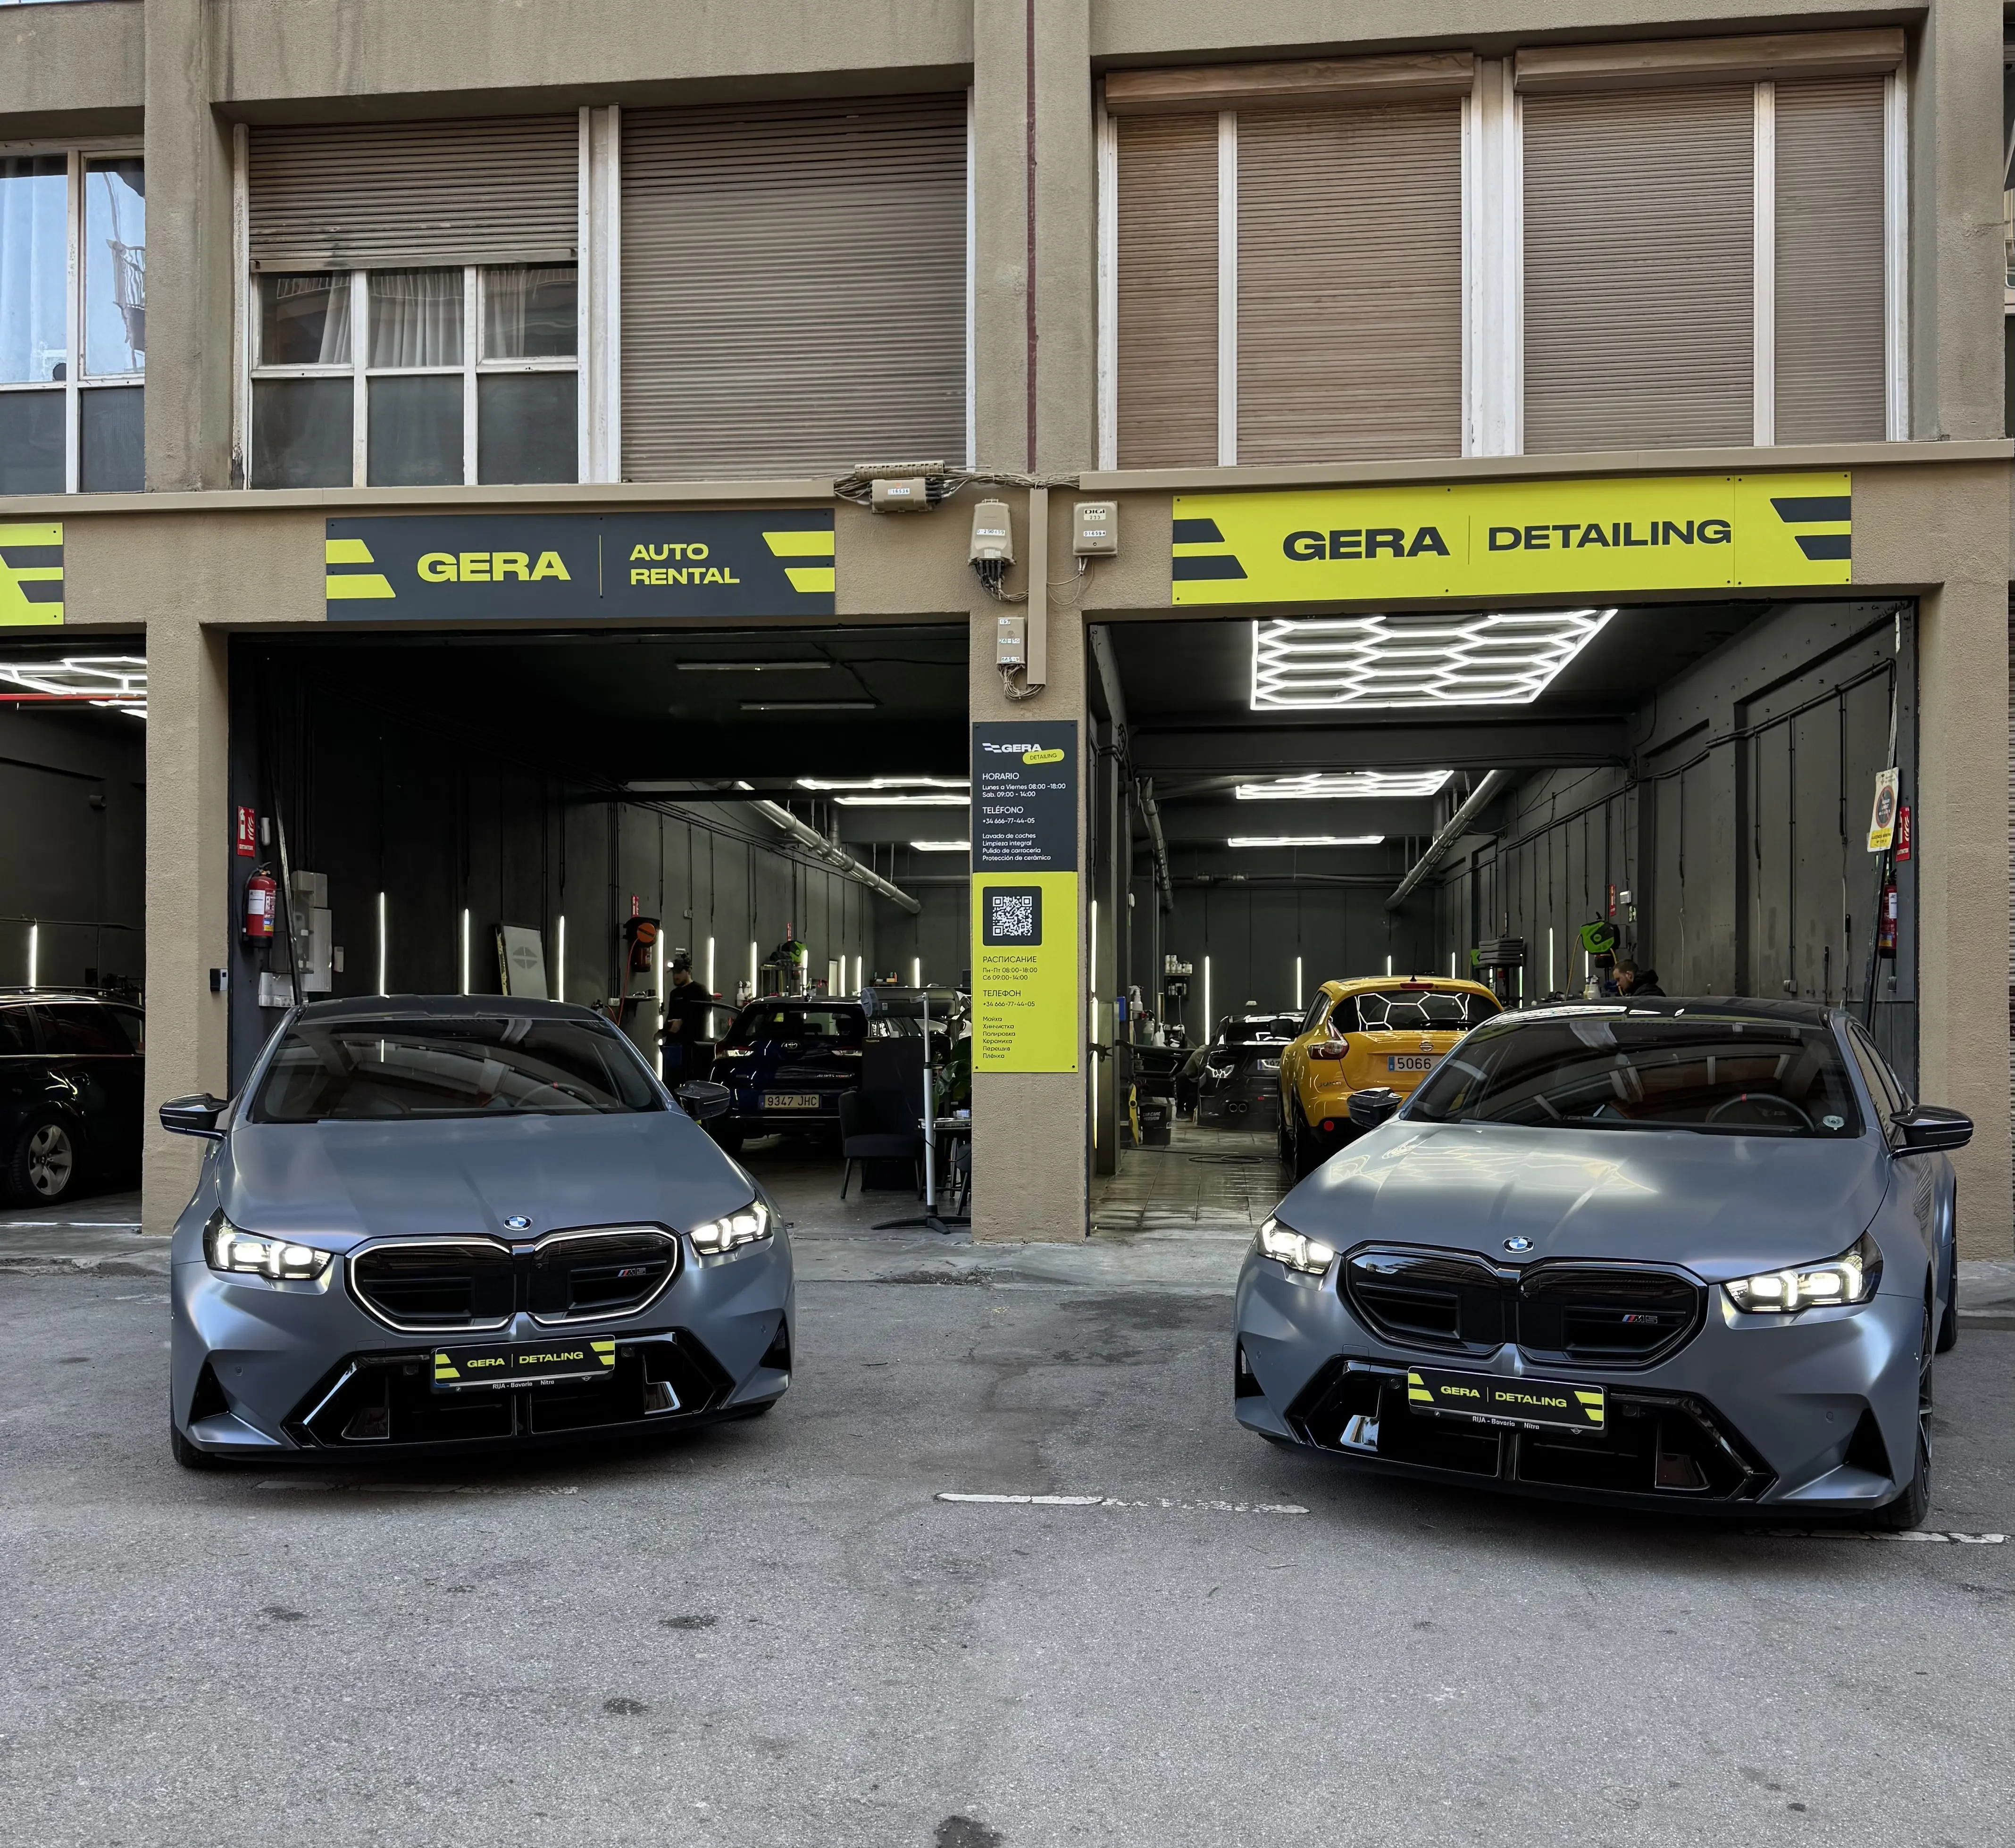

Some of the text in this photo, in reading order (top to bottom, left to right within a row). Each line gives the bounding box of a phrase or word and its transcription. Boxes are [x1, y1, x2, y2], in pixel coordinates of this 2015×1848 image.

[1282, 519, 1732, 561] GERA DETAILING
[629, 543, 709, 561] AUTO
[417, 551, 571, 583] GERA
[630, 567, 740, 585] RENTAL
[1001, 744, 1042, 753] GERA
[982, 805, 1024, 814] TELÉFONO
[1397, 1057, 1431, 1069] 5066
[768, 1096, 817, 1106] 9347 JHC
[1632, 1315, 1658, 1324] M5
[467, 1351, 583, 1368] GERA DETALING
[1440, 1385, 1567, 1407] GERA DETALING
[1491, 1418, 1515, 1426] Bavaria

- - -

Problem requirements - Repeat each of the records exactly as written, except for the pictures, which are to be left out.

Reply to the exercise -
Some of the text in this photo, in reading order (top to bottom, left to right within a row). Each line gives the bounding box of a phrase or word and its transcription. Boxes are [x1, y1, x2, y2], in pixel coordinates of this 2015×1848 image.

[1282, 519, 1732, 561] GERA DETAILING
[629, 543, 709, 561] AUTO
[417, 551, 571, 583] GERA
[630, 567, 740, 585] RENTAL
[1001, 744, 1042, 753] GERA
[982, 805, 1024, 814] TELÉFONO
[1397, 1057, 1431, 1069] 5066
[768, 1096, 817, 1106] 9347 JHC
[1632, 1315, 1658, 1324] M5
[467, 1351, 583, 1368] GERA DETALING
[1440, 1385, 1567, 1407] GERA DETALING
[1491, 1418, 1515, 1426] Bavaria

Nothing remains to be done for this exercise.